Tout au long des cent dernières années, nombre d’entre eux, célèbres ou non, prit le chemin de Tanger, de Fès, de Marrakech, de l’Atlas ou du Grand Sud, un peu comme leurs pareils, au cours des siècles précédents, effectuaient le traditionnel voyage à Rome. Pour des raisons différentes, il est vrai, et avec un autre esprit. Mais, dans l’un et l’autre cas, sous réserve que l’artiste eût du talent, l’expérience portait ses fruits.
Du talent, Charles Kérivel n’en manque pas ; et l’on peut juger que, d’une certaine manière, son parcours de créateur est exemplaire.

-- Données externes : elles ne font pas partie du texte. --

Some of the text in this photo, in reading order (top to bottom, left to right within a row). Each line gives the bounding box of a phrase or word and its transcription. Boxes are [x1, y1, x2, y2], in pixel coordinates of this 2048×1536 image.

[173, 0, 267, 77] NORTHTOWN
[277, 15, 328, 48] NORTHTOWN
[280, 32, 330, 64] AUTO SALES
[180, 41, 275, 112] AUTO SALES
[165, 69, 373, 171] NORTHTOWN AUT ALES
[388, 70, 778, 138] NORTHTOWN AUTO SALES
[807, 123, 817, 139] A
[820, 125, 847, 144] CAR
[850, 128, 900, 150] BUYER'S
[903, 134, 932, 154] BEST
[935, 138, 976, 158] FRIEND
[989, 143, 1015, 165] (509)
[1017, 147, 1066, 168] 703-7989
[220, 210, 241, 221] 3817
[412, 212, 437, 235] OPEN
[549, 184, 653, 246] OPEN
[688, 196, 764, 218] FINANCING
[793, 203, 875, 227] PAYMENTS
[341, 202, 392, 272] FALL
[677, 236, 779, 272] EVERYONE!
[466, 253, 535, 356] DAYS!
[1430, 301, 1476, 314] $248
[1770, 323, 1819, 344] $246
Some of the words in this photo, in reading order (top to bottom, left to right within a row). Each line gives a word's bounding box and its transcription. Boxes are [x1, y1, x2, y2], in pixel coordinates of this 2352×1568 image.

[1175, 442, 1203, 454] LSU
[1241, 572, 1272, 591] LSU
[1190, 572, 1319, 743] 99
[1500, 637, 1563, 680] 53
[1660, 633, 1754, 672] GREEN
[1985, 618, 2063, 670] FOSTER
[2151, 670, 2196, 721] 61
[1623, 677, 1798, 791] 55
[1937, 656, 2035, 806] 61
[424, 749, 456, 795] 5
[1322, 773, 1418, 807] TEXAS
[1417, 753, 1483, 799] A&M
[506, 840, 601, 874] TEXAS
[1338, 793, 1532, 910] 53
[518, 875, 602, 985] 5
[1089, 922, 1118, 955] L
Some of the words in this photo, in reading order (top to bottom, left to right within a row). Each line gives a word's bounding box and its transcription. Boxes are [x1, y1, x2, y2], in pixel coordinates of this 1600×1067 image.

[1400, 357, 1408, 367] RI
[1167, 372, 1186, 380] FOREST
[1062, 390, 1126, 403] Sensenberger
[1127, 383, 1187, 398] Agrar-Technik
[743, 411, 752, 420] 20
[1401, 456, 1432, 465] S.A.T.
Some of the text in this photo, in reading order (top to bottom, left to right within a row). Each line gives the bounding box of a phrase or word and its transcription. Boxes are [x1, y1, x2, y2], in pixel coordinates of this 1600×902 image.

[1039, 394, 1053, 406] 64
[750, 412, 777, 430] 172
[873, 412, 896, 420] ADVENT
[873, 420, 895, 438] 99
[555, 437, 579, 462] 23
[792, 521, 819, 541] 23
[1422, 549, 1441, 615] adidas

Qu’un Breton réponde à l’appel de la mer, c’est dans l’ordre des choses.
Bateaux de pêche et pétroliers emportent donc loin de Douarnenez (de son “Douar”, comme il le dira plaisamment) ce garçon de seize ans que passionnent déjà la couleur et le dessin, et qui rêve d’inconnu. On imagine, dans ces conditions, ce que fut, pour l’adolescent, la “rencontre” avec l’Orient : Égypte, Syrie, Liban... On serait ébloui à moindres frais.

Escale à Casablanca
Mais ces références prestigieuses, loin de l’affadir devaient, le moment venu, donner à sa découverte du Maroc une plus grande intensité.
C’est que, dans la mesure même où de tels souvenirs aiguisaient, consciemment ou non, ses exigences, ils rendaient Kérivel plus apte à pressentir, dans ce pays qui s’offrait à lui, une terre d’élection.
Voici, tout d’abord, en 1956, Casablanca où fait escale un pétrolier sur lequel travaille le jeune homme.
Difficile de souhaiter meilleure approche que la mer pour découvrir un port. Et celui-ci passe déjà pour le plus important d’Afrique. Activité fébrile et tapageuse, grouillement, mouvement, couleurs, cris et rumeurs avec, au-delà des môles et de la rade, la blancheur de la ville...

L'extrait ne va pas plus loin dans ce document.